◆ Exercise objective
Give the data again in full, without pictures.

─── Input records

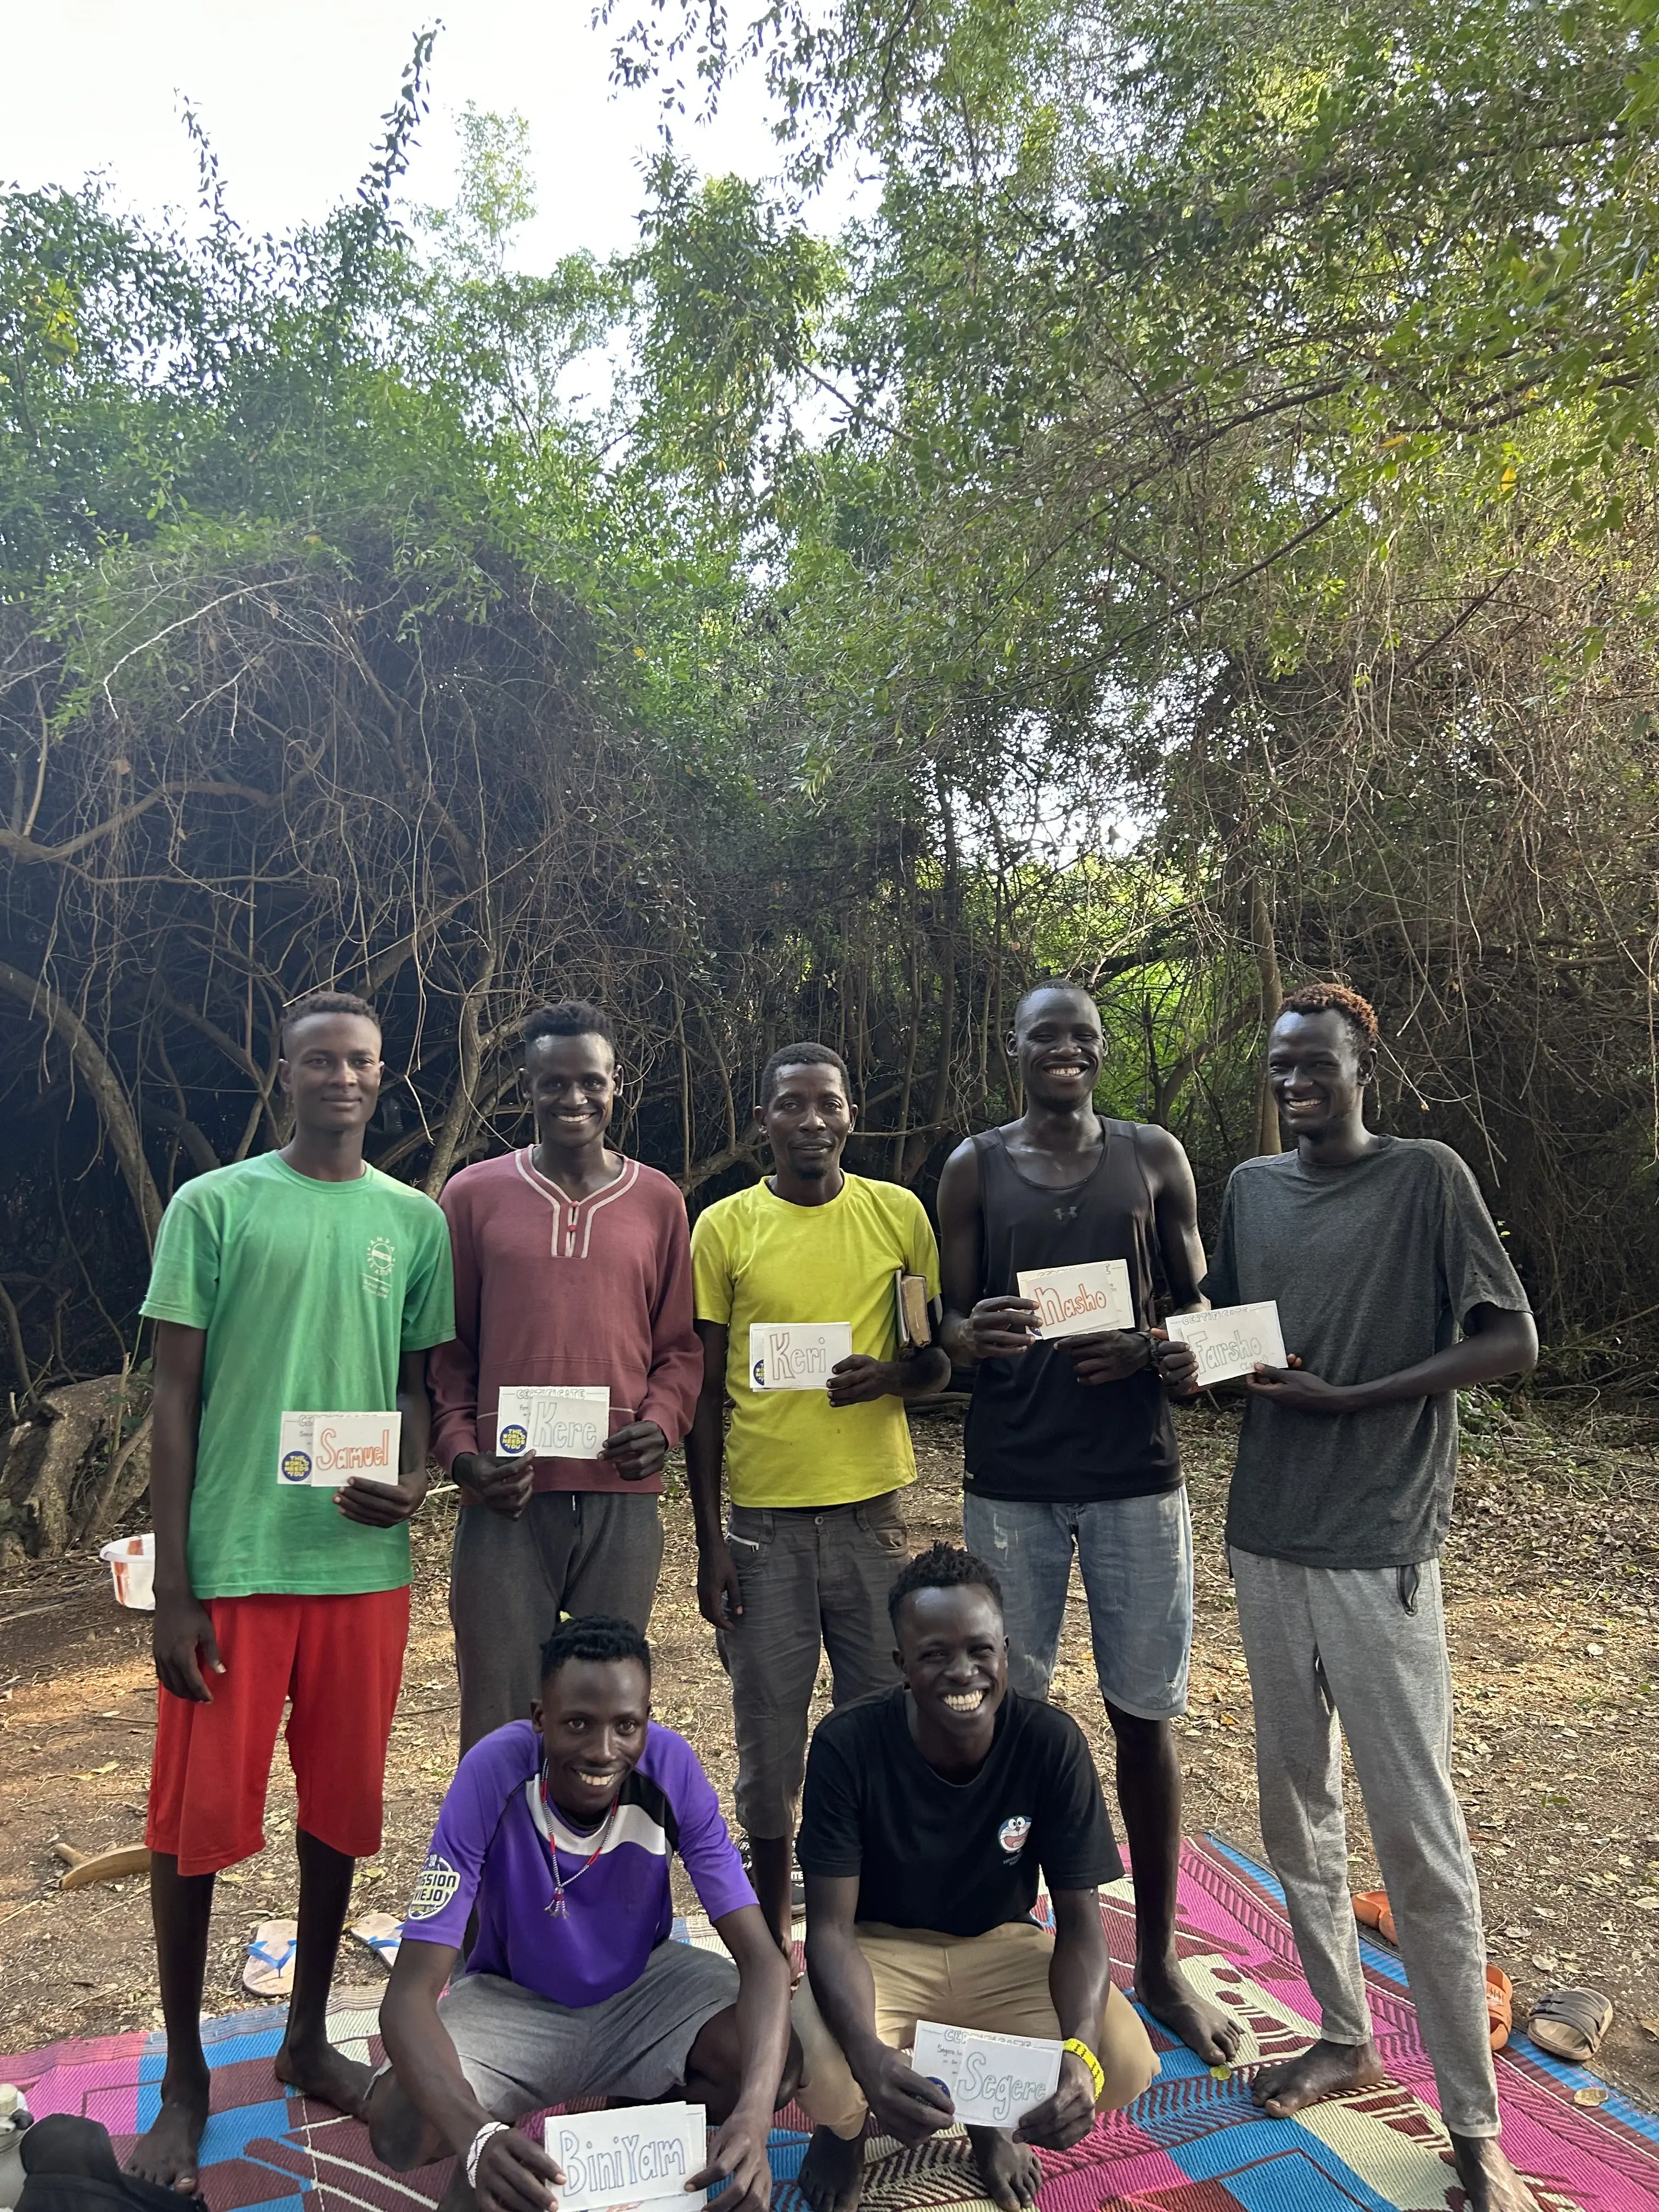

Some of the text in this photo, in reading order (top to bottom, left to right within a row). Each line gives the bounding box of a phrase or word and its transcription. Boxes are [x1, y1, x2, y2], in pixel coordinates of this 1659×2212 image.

[770, 1332, 826, 1380] Keri
[1187, 1330, 1262, 1375] Farsho
[316, 1428, 391, 1471] Samuel
[532, 1402, 597, 1450] Kere
[957, 2051, 1046, 2121] Segere
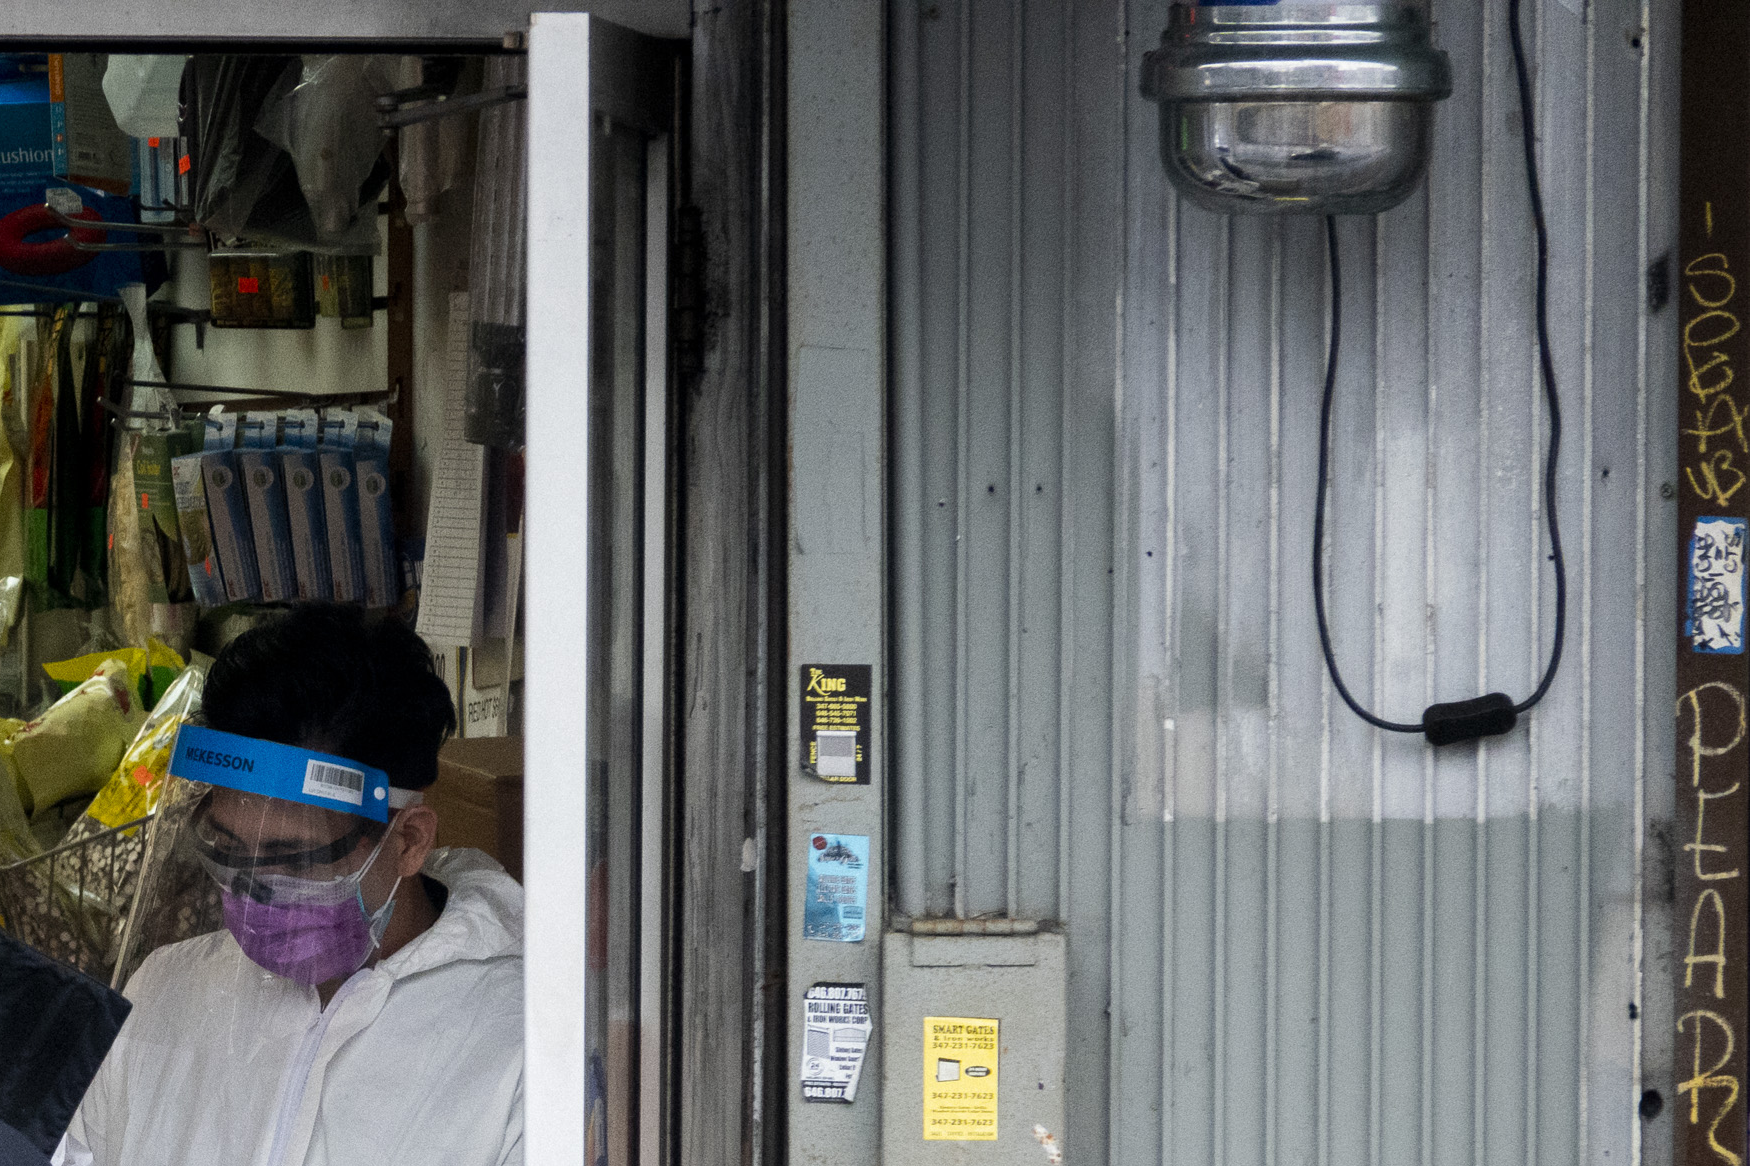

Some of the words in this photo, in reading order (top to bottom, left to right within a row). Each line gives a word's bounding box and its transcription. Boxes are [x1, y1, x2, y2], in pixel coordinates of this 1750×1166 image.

[808, 1002, 841, 1014] ROLLING
[843, 1003, 868, 1015] GATES
[933, 1025, 963, 1034] SMART
[966, 1026, 994, 1035] GATES
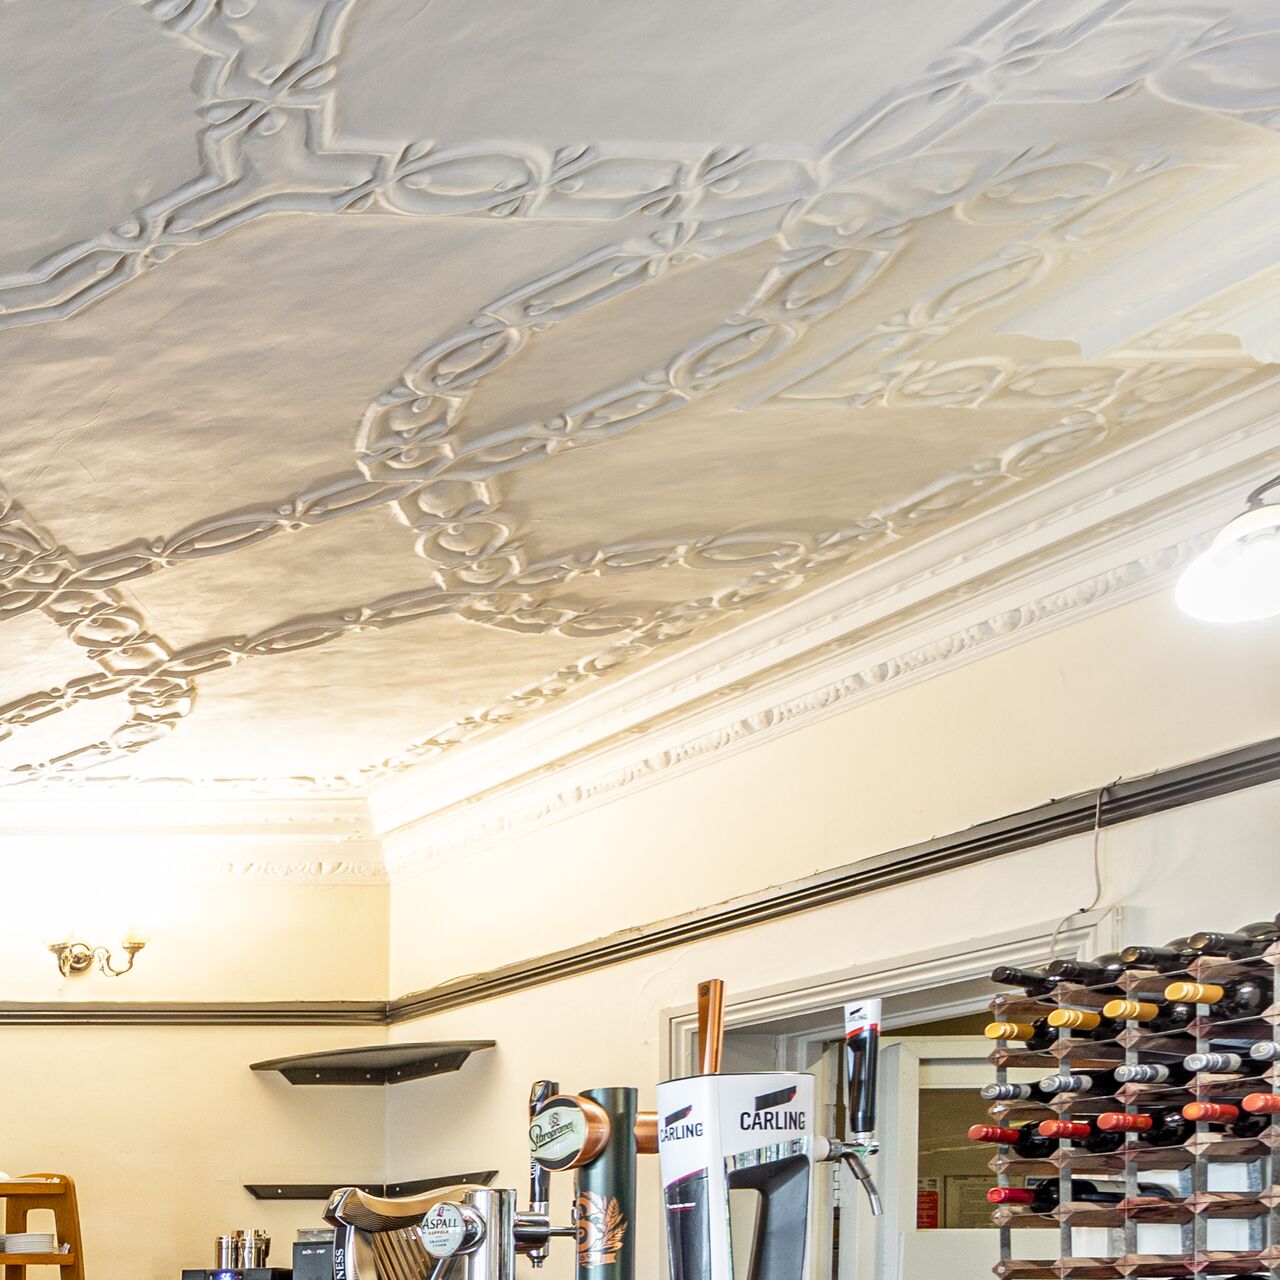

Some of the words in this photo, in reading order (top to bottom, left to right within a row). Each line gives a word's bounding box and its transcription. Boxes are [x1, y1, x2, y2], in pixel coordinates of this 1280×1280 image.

──────

◆ Solution for this problem
Some of the text in this photo, in reading order (top to bottom, left to right within a row). Each line gives the bounding box of a phrase or word and its transcription. Boxes are [x1, y1, x2, y2], in pixel coordinates of this 1659×2212 image.

[770, 1332, 826, 1380] Keri
[1187, 1330, 1262, 1375] Farsho
[316, 1428, 391, 1471] Samuel
[532, 1402, 597, 1450] Kere
[957, 2051, 1046, 2121] Segere

Some of the words in this photo, in reading order (top to bottom, left to right within a row). Each line gives a word's bounding box and its transcription. Boxes are [x1, y1, x2, y2], in pixel coordinates of this 1750×1166 image.

[808, 1002, 841, 1014] ROLLING
[843, 1003, 868, 1015] GATES
[933, 1025, 963, 1034] SMART
[966, 1026, 994, 1035] GATES

Some of the words in this photo, in reading order (top to bottom, left to right within a row). Each line gives a word's bounding box and its transcription. Boxes are [x1, y1, x2, y2], in pixel coordinates of this 1280×1280 image.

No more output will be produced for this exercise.